Assigned task
Nothing but the pictures gets dropped; retype every entry exactly.

(Supplied material begins)

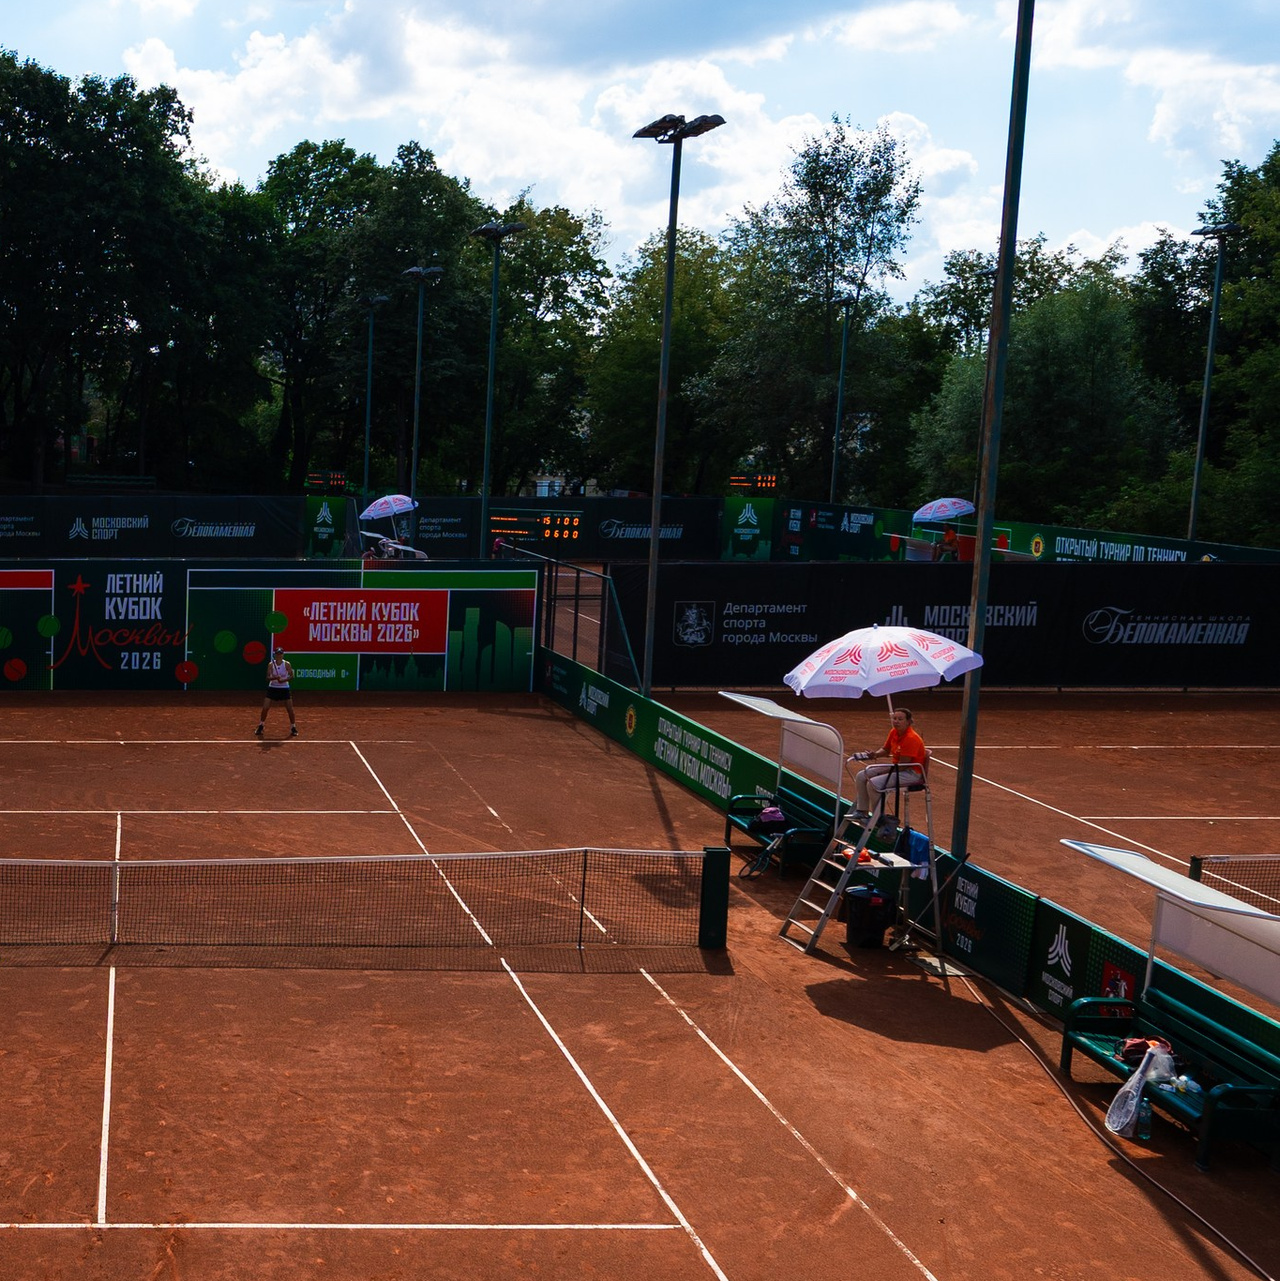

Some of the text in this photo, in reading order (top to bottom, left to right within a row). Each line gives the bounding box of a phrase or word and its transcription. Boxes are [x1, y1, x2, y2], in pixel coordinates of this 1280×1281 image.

[92, 515, 149, 529] МОСКОВСКИЙ
[92, 528, 119, 540] СПОРТ
[1055, 536, 1097, 558] ОТКРЫТЫЙ
[1100, 541, 1131, 560] ТУРНИР
[105, 571, 163, 594] ЛЕТНИЙ
[105, 597, 163, 620] КУБОК
[303, 600, 420, 622] «ЛЕТНИЙ КУБОК
[723, 602, 808, 616] Департамент
[924, 601, 1038, 626] МОСКВСКИЙ
[308, 623, 420, 643] МОСКВЫ 2026»
[723, 619, 766, 631] спорта
[1082, 606, 1251, 645] БЕЛОКАМЕННАЯ
[722, 631, 818, 646] города Москвы
[120, 651, 162, 670] 2026
[876, 659, 918, 673] МОСКОВСКИЙ
[296, 668, 336, 679] СВОБОДНЫЙ
[889, 669, 910, 677] СПОРТ
[956, 876, 979, 900] ЛЕТНИЙ
[954, 891, 977, 919] КУБОК
[956, 932, 972, 954] 2026
[1042, 971, 1073, 999] МОСКОВСКИЙ
[1048, 989, 1063, 1007] СПОРТ
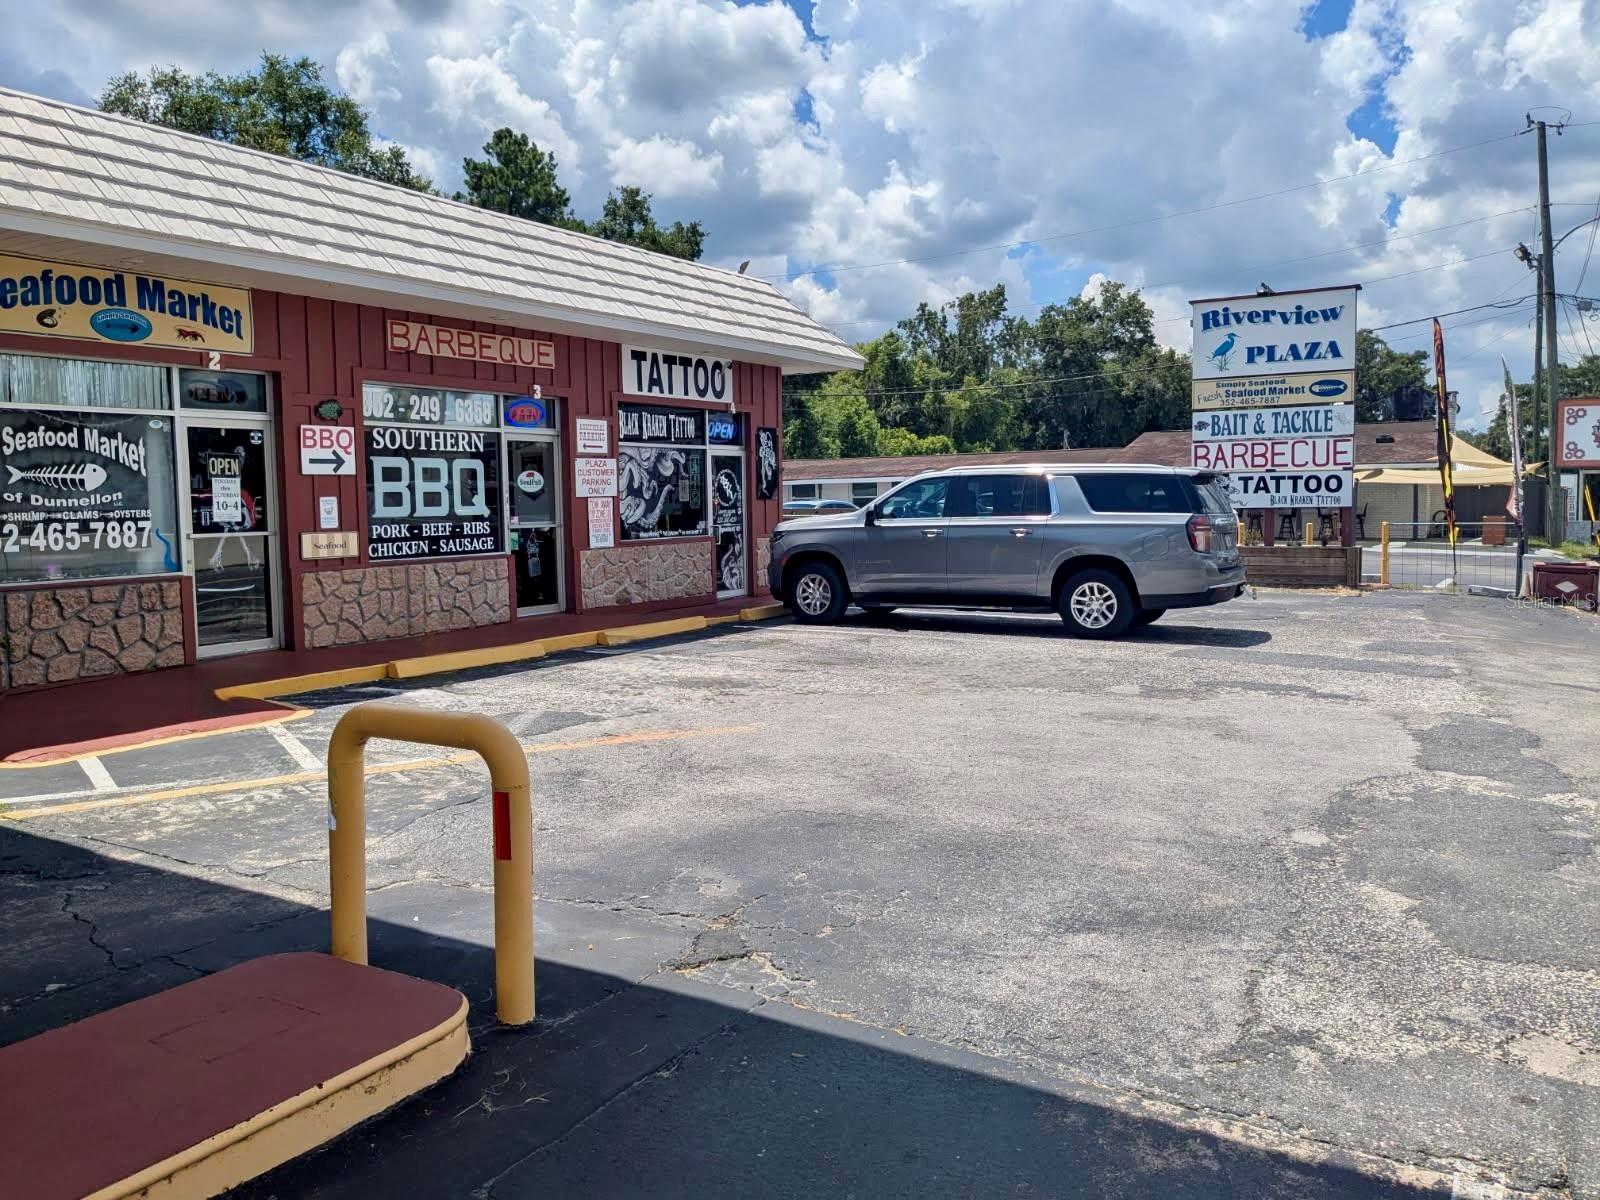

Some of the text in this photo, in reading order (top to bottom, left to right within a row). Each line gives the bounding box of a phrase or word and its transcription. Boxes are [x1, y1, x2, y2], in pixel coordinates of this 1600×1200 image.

(Supplied material ends)

Your solution
Some of the text in this photo, in reading order (top to bottom, left to right within a row). Each line gives the bounding box of a phrase or word and its transcription. Boxes are [x1, y1, x2, y2], in pixel coordinates of this 1280×1281 image.

[92, 515, 149, 529] МОСКОВСКИЙ
[92, 528, 119, 540] СПОРТ
[1055, 536, 1097, 558] ОТКРЫТЫЙ
[1100, 541, 1131, 560] ТУРНИР
[105, 571, 163, 594] ЛЕТНИЙ
[105, 597, 163, 620] КУБОК
[303, 600, 420, 622] «ЛЕТНИЙ КУБОК
[723, 602, 808, 616] Департамент
[924, 601, 1038, 626] МОСКВСКИЙ
[308, 623, 420, 643] МОСКВЫ 2026»
[723, 619, 766, 631] спорта
[1082, 606, 1251, 645] БЕЛОКАМЕННАЯ
[722, 631, 818, 646] города Москвы
[120, 651, 162, 670] 2026
[876, 659, 918, 673] МОСКОВСКИЙ
[296, 668, 336, 679] СВОБОДНЫЙ
[889, 669, 910, 677] СПОРТ
[956, 876, 979, 900] ЛЕТНИЙ
[954, 891, 977, 919] КУБОК
[956, 932, 972, 954] 2026
[1042, 971, 1073, 999] МОСКОВСКИЙ
[1048, 989, 1063, 1007] СПОРТ

Some of the text in this photo, in reading order (top to bottom, left to right within a row). Each line gives the bounding box of a phrase or word and its transcription. Boxes are [x1, y1, x2, y2], in pixel coordinates of this 1600×1200 image.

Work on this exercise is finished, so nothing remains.